WHAT TO WORK ON ▸ Where a picture appears, leave it out, and transcribe all the lines below exactly.

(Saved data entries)
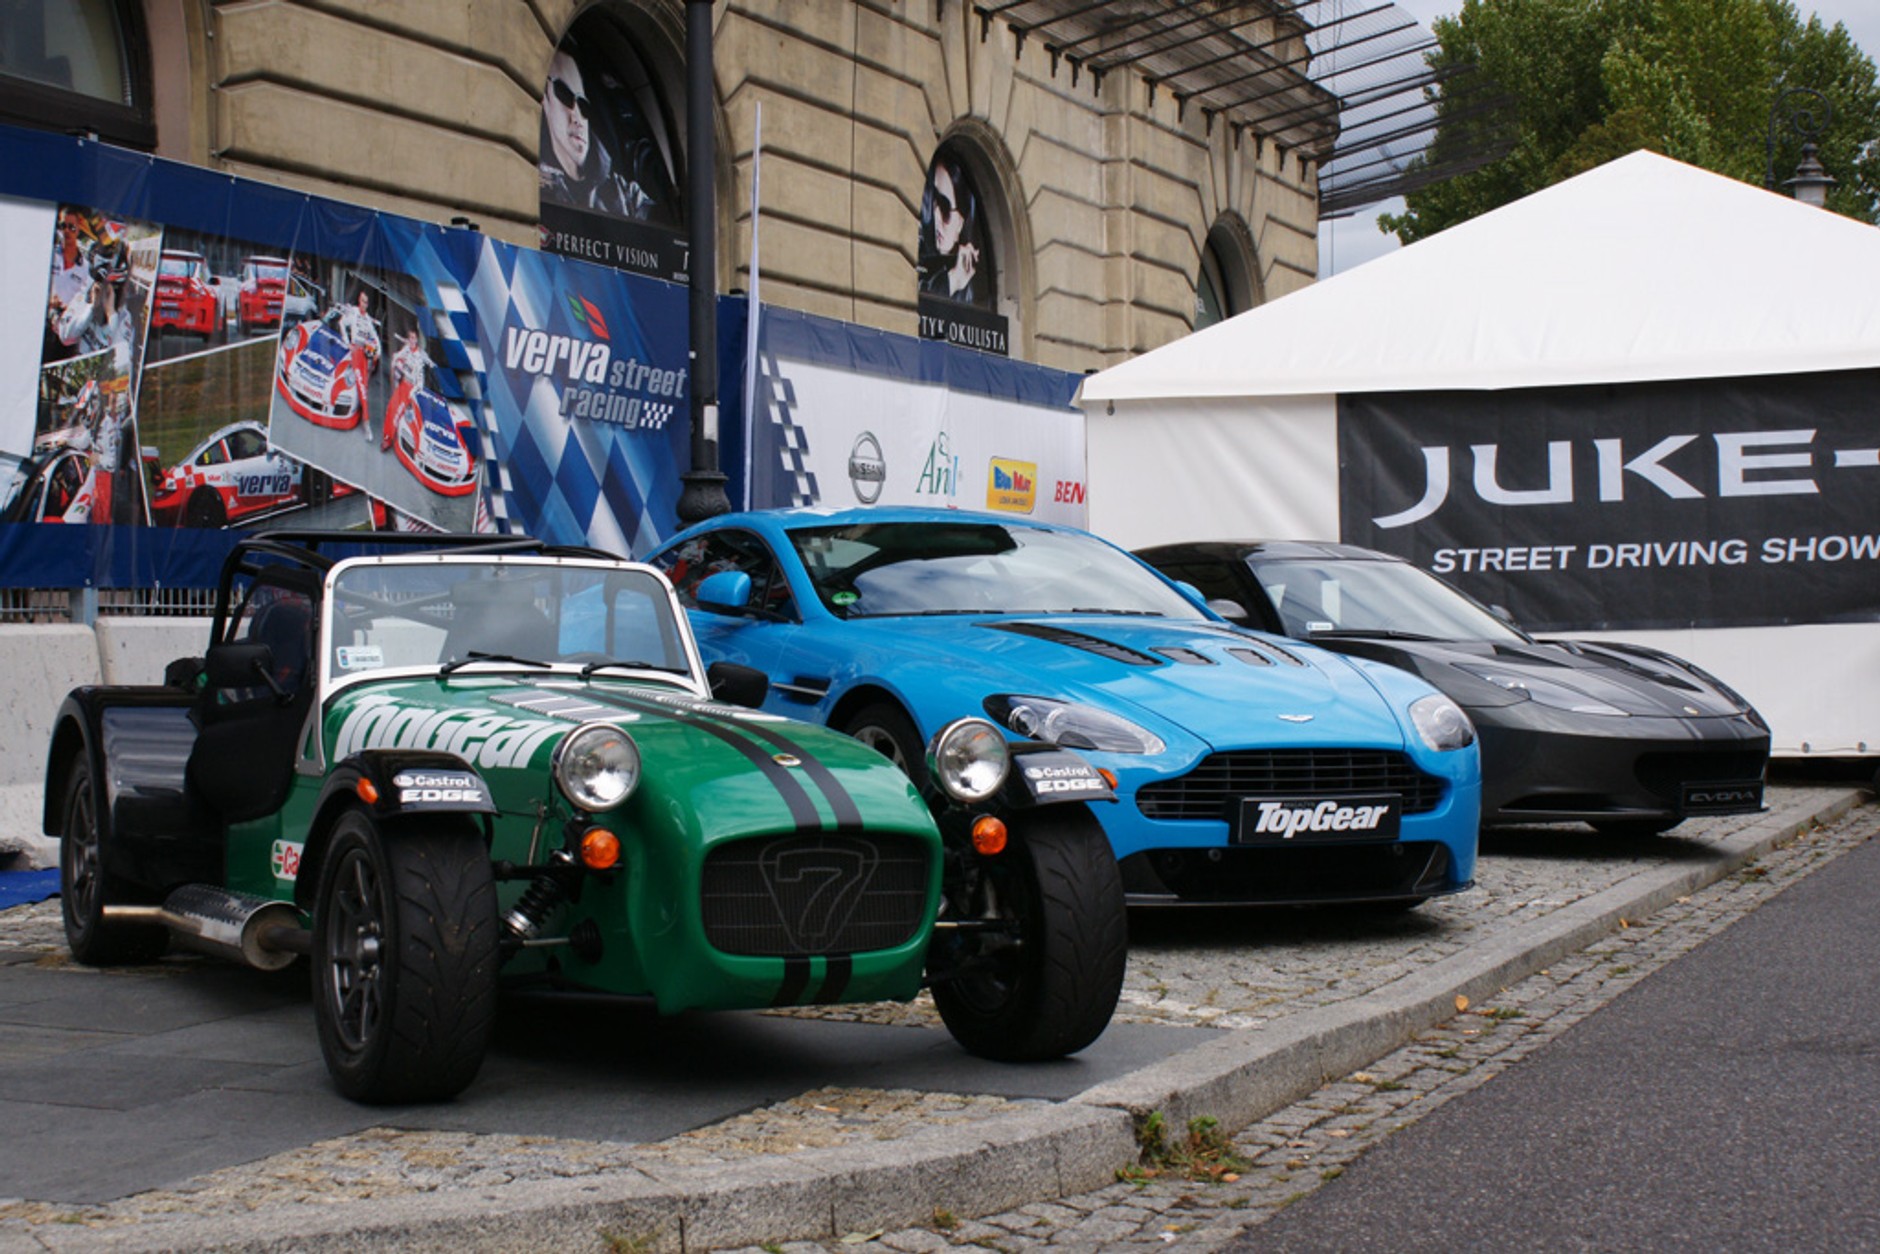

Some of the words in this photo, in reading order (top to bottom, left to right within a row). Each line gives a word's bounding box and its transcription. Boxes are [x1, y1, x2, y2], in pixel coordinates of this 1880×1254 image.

[555, 230, 611, 260] PERFECT
[616, 244, 659, 269] VISION
[949, 320, 1007, 351] OKULISTA
[505, 326, 611, 384] verva
[609, 356, 688, 398] street
[558, 385, 644, 431] racing
[1432, 544, 1577, 573] STREET
[1586, 539, 1748, 570] DRIVING
[1760, 534, 1880, 564] SHOW
[415, 775, 471, 788] Castrol
[1036, 778, 1103, 793] EDGE
[1043, 767, 1090, 777] Castrol
[401, 789, 482, 803] EDGE
[1255, 801, 1389, 839] TopGear
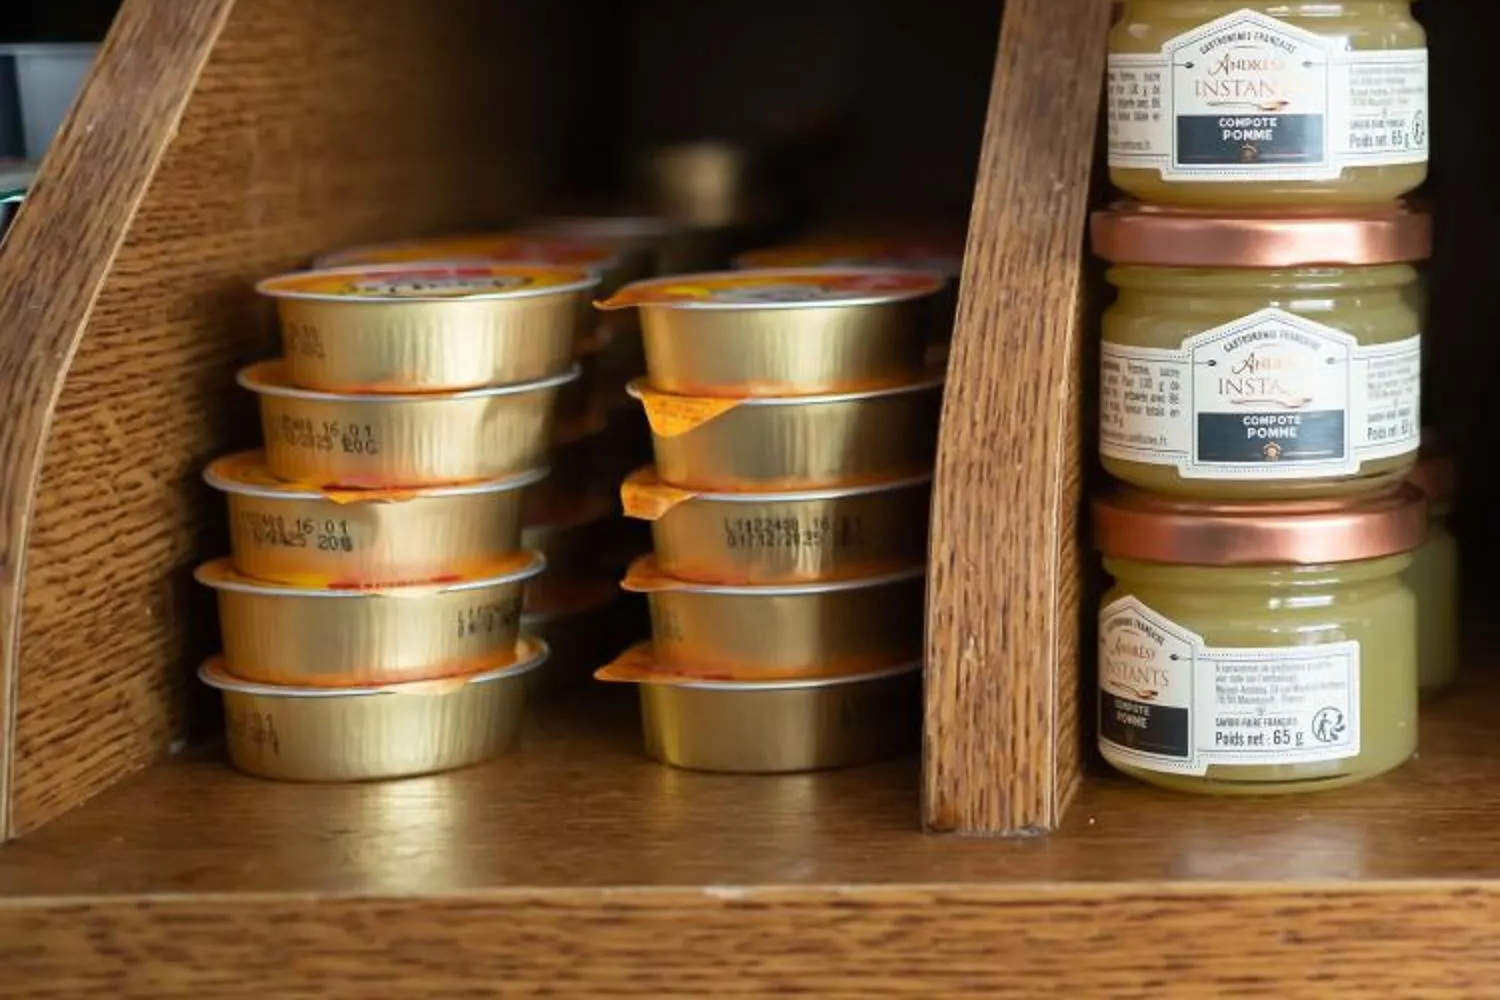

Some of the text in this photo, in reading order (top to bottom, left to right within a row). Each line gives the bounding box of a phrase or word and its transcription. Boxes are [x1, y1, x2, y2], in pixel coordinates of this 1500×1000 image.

[1194, 79, 1292, 98] INSTAN
[1219, 117, 1278, 128] COMPOTE
[1222, 129, 1273, 141] POMME
[1219, 378, 1294, 395] INSTA
[1243, 415, 1303, 426] COMPOTE
[1247, 427, 1297, 439] POMME
[1105, 655, 1170, 689] STANTS
[1215, 730, 1244, 746] Poids
[1246, 732, 1264, 746] net
[1272, 729, 1291, 746] 65
[1295, 730, 1305, 747] g
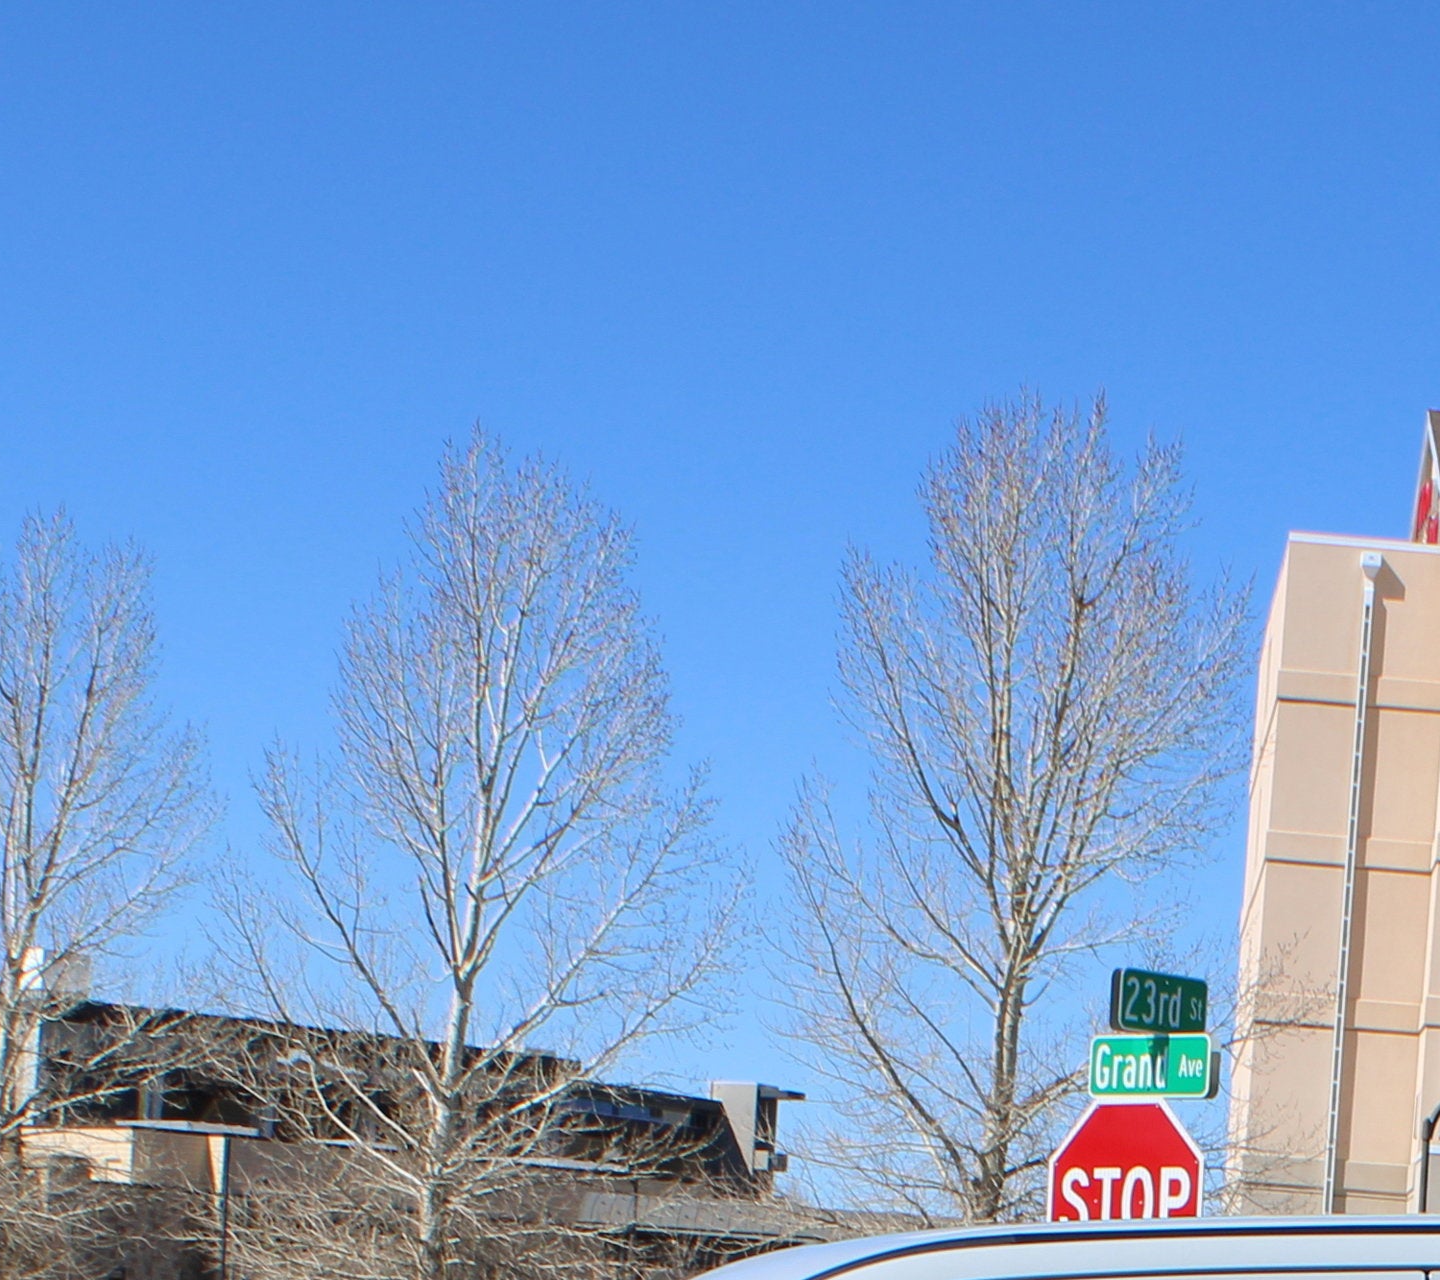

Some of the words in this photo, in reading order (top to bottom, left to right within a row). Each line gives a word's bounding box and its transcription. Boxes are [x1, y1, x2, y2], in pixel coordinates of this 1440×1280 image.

[1123, 975, 1181, 1029] 23rd
[1189, 995, 1204, 1020] St
[1095, 1043, 1167, 1090] Grand
[1178, 1055, 1204, 1079] Ave
[1060, 1165, 1191, 1222] STOP
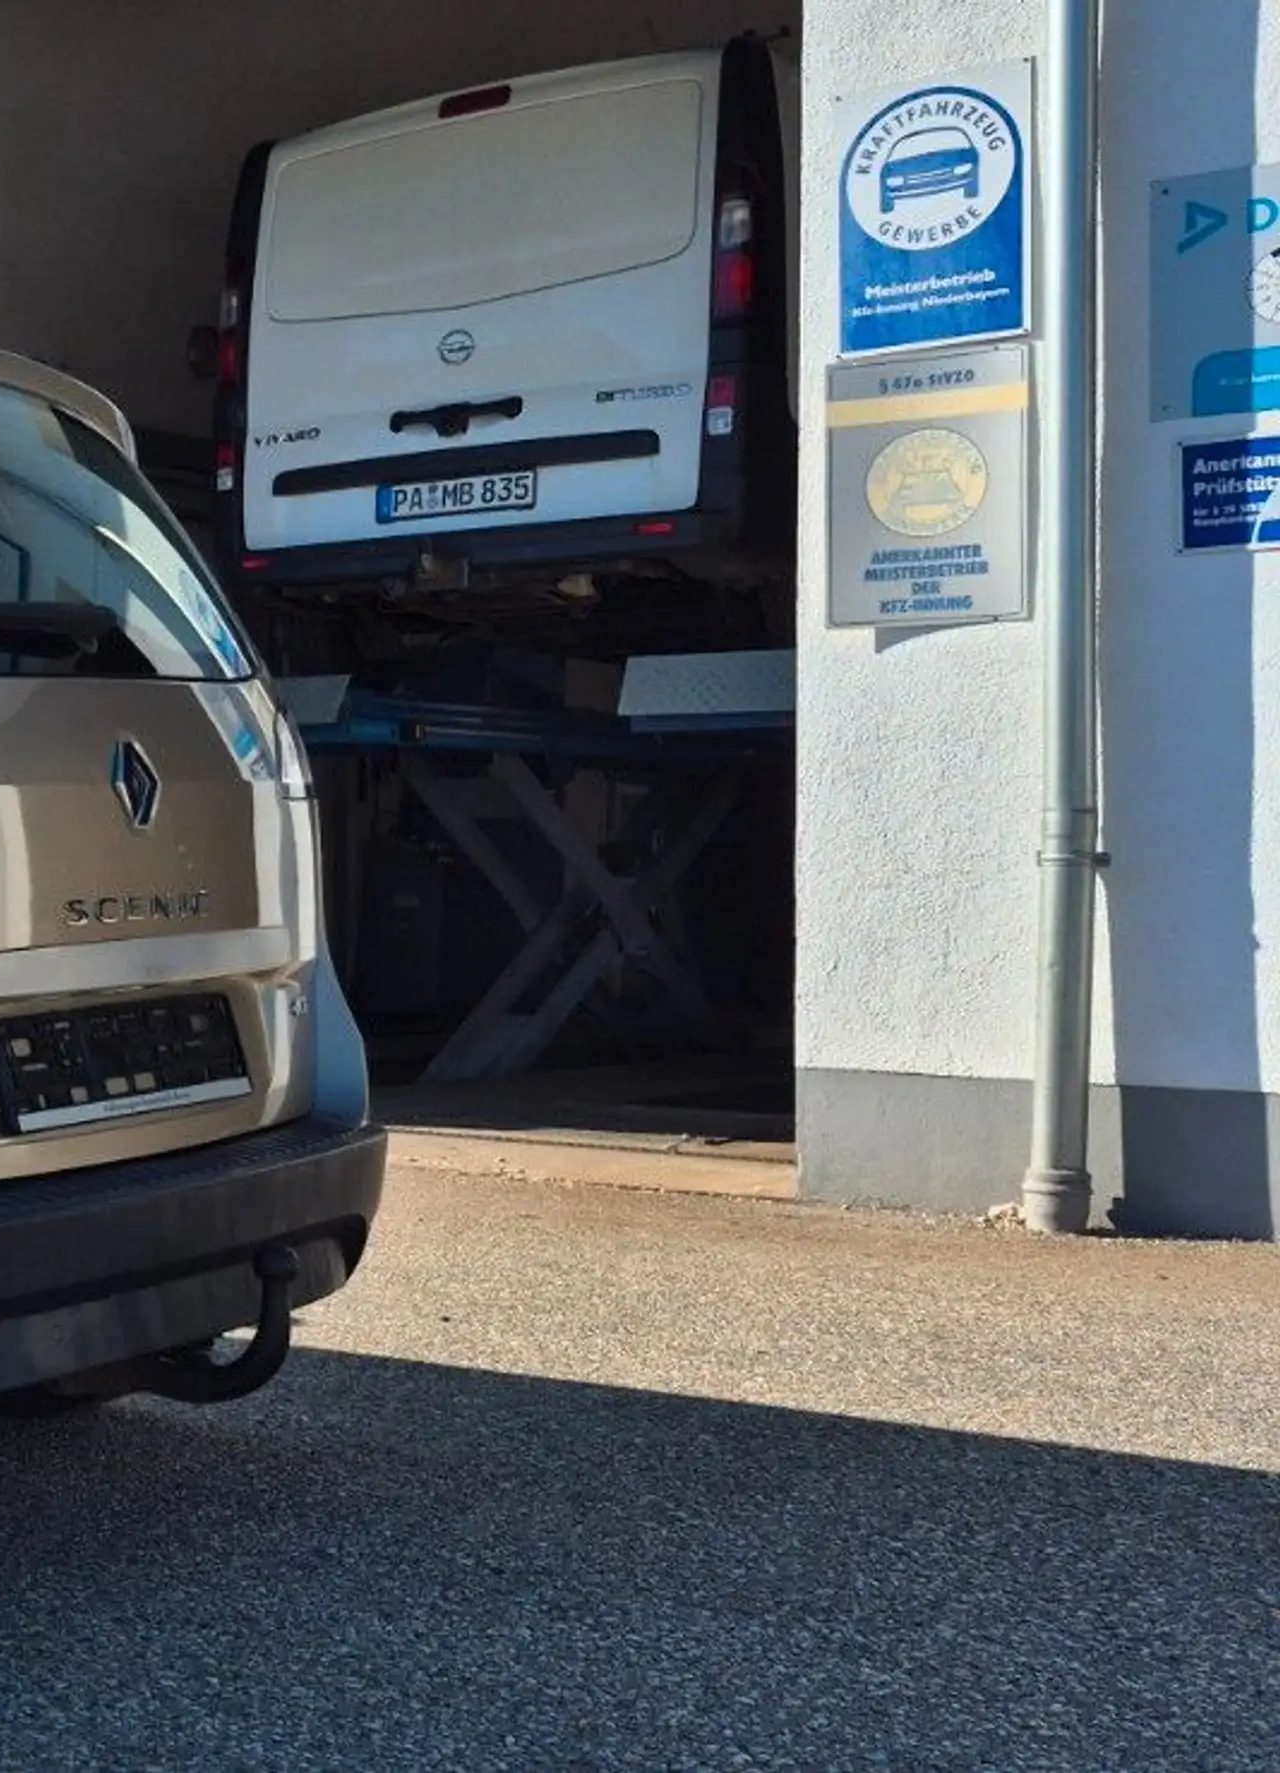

EXPECTED OUTPUT ▸
Some of the words in this photo, in reading order (top to bottom, left to right within a row). Each line gives a word's bounding box and its transcription. Boxes are [x1, y1, x2, y2], in pixel coordinates of this 1880×1254 image.

[555, 230, 611, 260] PERFECT
[616, 244, 659, 269] VISION
[949, 320, 1007, 351] OKULISTA
[505, 326, 611, 384] verva
[609, 356, 688, 398] street
[558, 385, 644, 431] racing
[1432, 544, 1577, 573] STREET
[1586, 539, 1748, 570] DRIVING
[1760, 534, 1880, 564] SHOW
[415, 775, 471, 788] Castrol
[1036, 778, 1103, 793] EDGE
[1043, 767, 1090, 777] Castrol
[401, 789, 482, 803] EDGE
[1255, 801, 1389, 839] TopGear

Some of the text in this photo, in reading order (top to bottom, left to right within a row). Each line gives the bounding box of a phrase or word and its transcription. Boxes are [x1, y1, x2, y2], in pixel coordinates of this 1500×1000 image.

[1194, 79, 1292, 98] INSTAN
[1219, 117, 1278, 128] COMPOTE
[1222, 129, 1273, 141] POMME
[1219, 378, 1294, 395] INSTA
[1243, 415, 1303, 426] COMPOTE
[1247, 427, 1297, 439] POMME
[1105, 655, 1170, 689] STANTS
[1215, 730, 1244, 746] Poids
[1246, 732, 1264, 746] net
[1272, 729, 1291, 746] 65
[1295, 730, 1305, 747] g

Some of the words in this photo, in reading order (top to bottom, left to right within a row). Each line gives a word's bounding box and its transcription. Boxes are [x1, y1, x2, y2], in pixel coordinates of this 1440×1280 image.

[1123, 975, 1181, 1029] 23rd
[1189, 995, 1204, 1020] St
[1095, 1043, 1167, 1090] Grand
[1178, 1055, 1204, 1079] Ave
[1060, 1165, 1191, 1222] STOP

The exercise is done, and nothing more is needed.